What is being asked: Images embedded in the records are excluded; print everything else exactly as given.

Data provided:
○ ○ ○ ○ ○ ○ ○

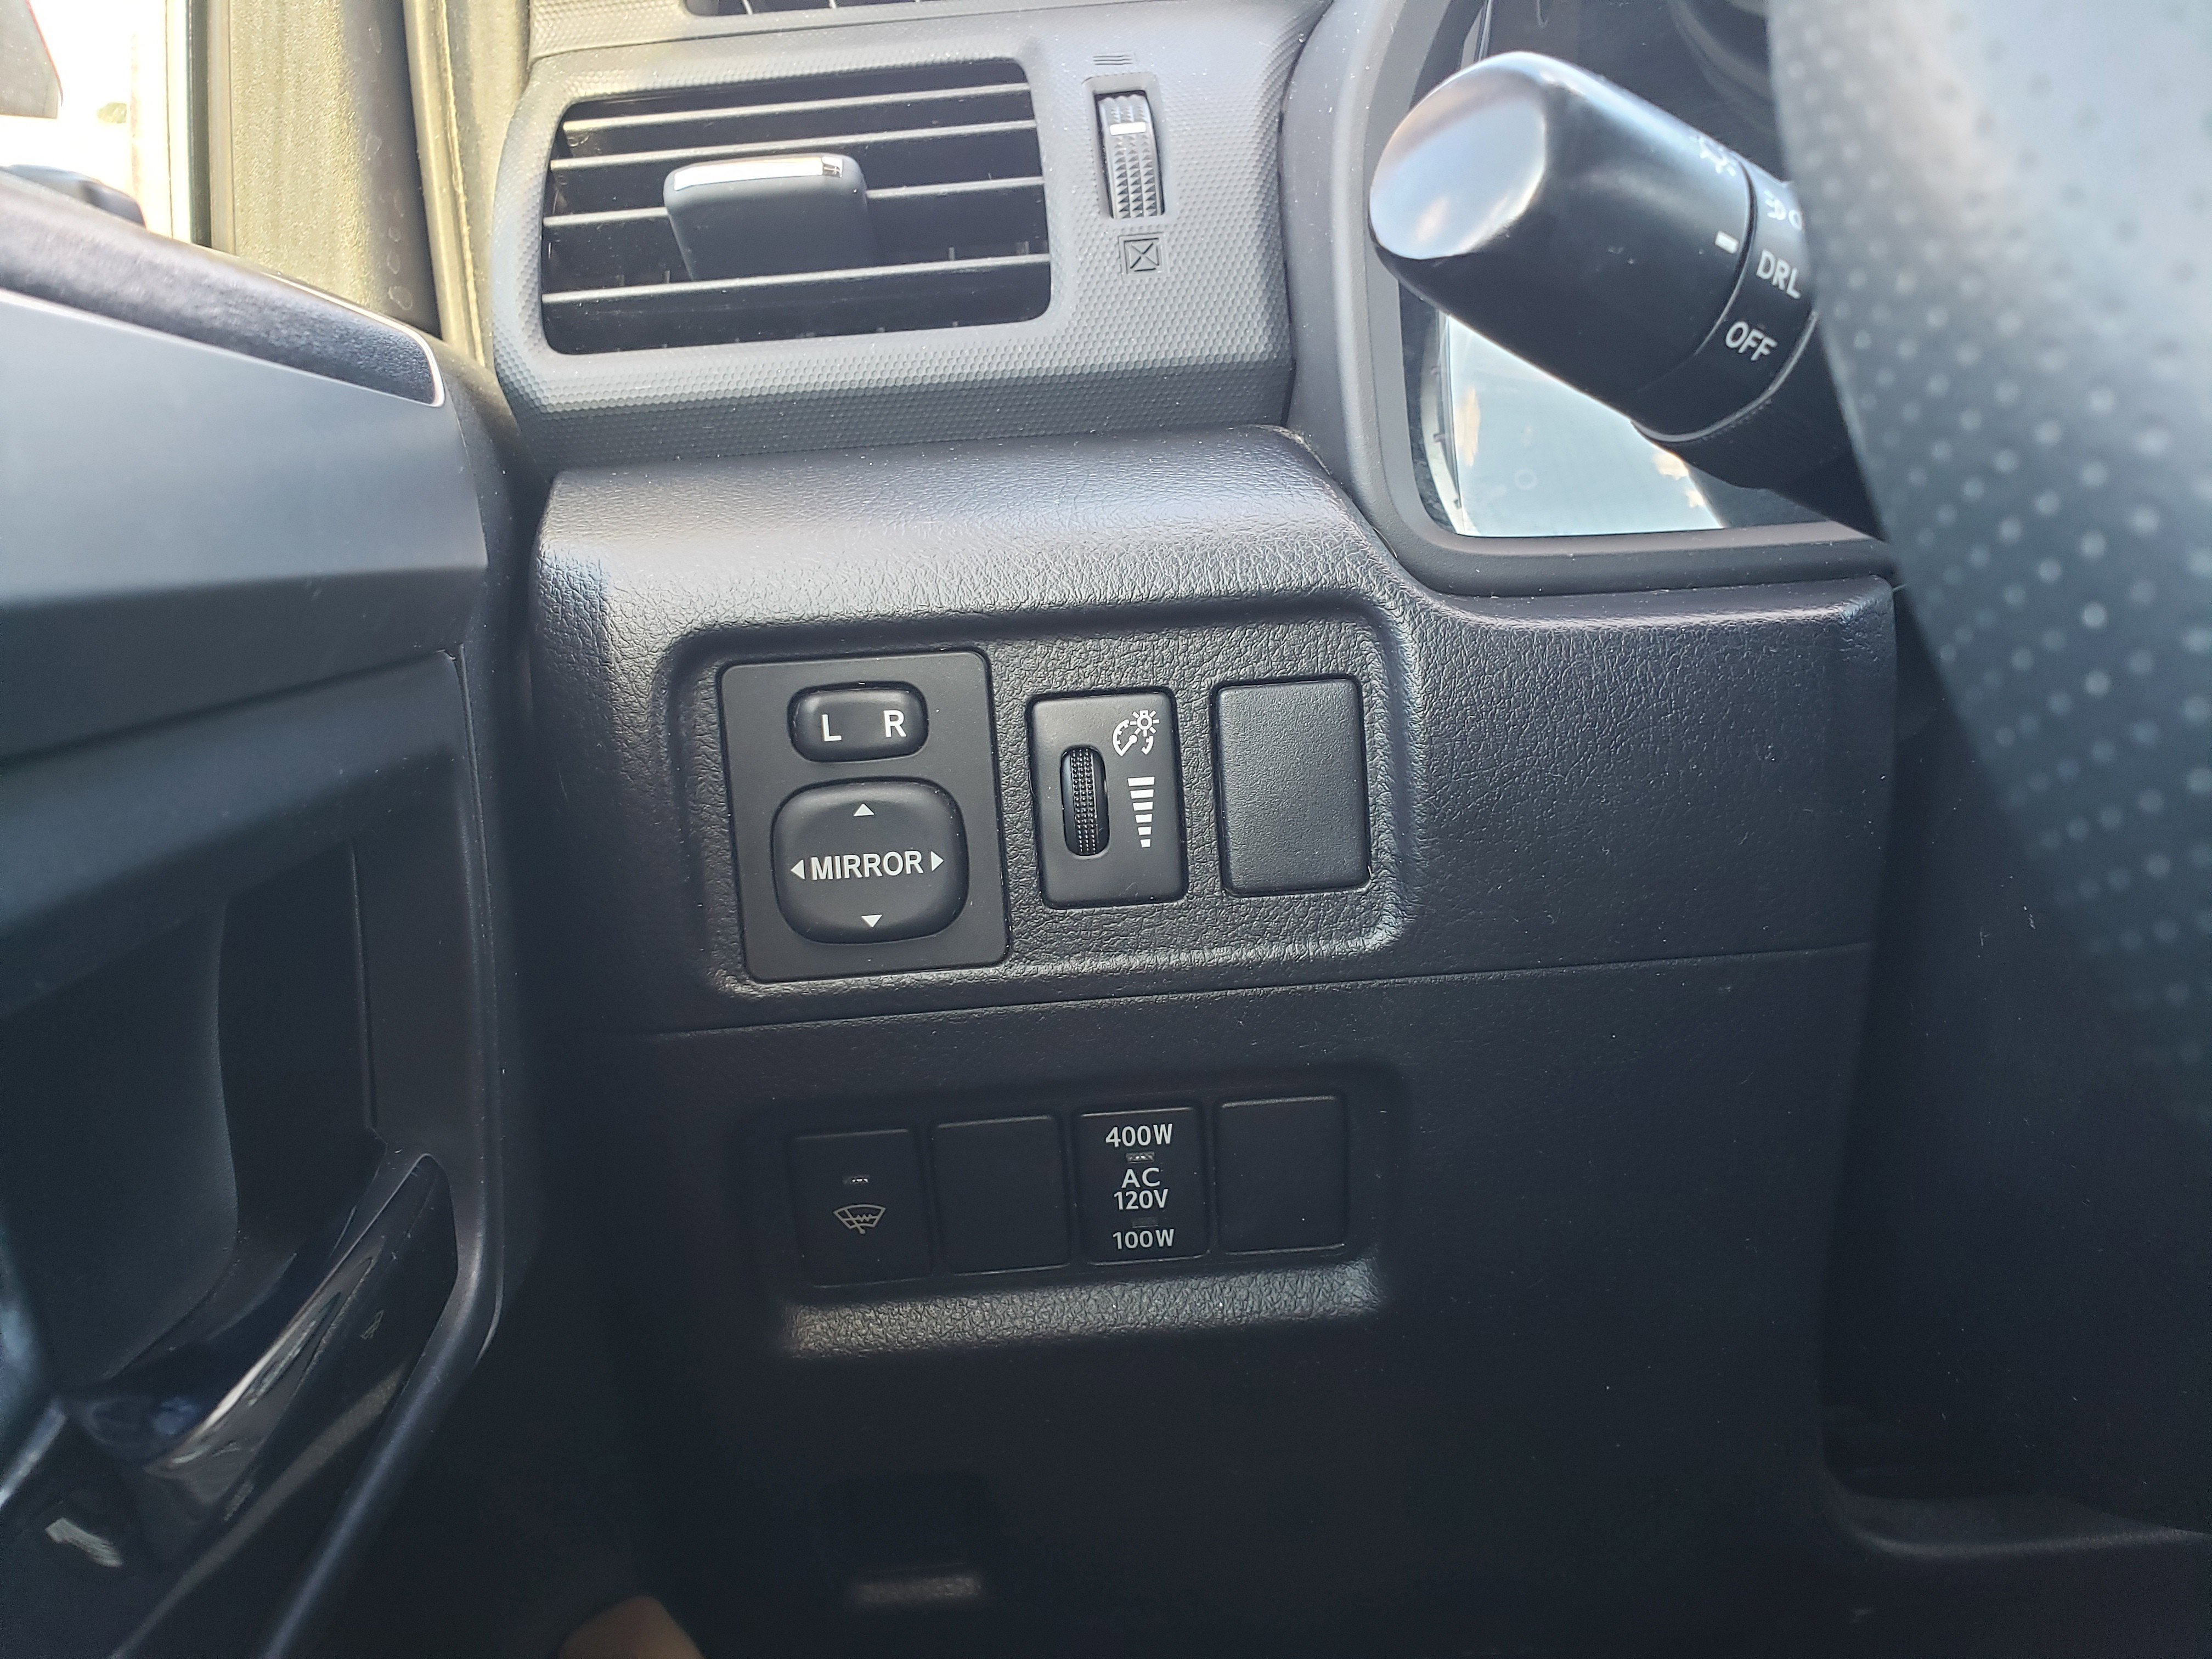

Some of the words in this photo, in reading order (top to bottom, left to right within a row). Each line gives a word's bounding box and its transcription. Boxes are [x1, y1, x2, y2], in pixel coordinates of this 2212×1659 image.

[1756, 249, 1801, 299] DRL
[1725, 321, 1777, 360] OFF
[821, 714, 842, 742] L
[883, 710, 907, 738] R
[811, 850, 924, 881] MIRROR
[1105, 1123, 1173, 1147] 400W
[1121, 1167, 1160, 1188] AC
[1114, 1188, 1169, 1210] 120V
[1113, 1228, 1174, 1249] 100W

○ ○ ○ ○ ○ ○ ○

Result of the exercise:
Some of the words in this photo, in reading order (top to bottom, left to right within a row). Each line gives a word's bounding box and its transcription. Boxes are [x1, y1, x2, y2], in pixel coordinates of this 2212×1659 image.

[1756, 249, 1801, 299] DRL
[1725, 321, 1777, 360] OFF
[821, 714, 842, 742] L
[883, 710, 907, 738] R
[811, 850, 924, 881] MIRROR
[1105, 1123, 1173, 1147] 400W
[1121, 1167, 1160, 1188] AC
[1114, 1188, 1169, 1210] 120V
[1113, 1228, 1174, 1249] 100W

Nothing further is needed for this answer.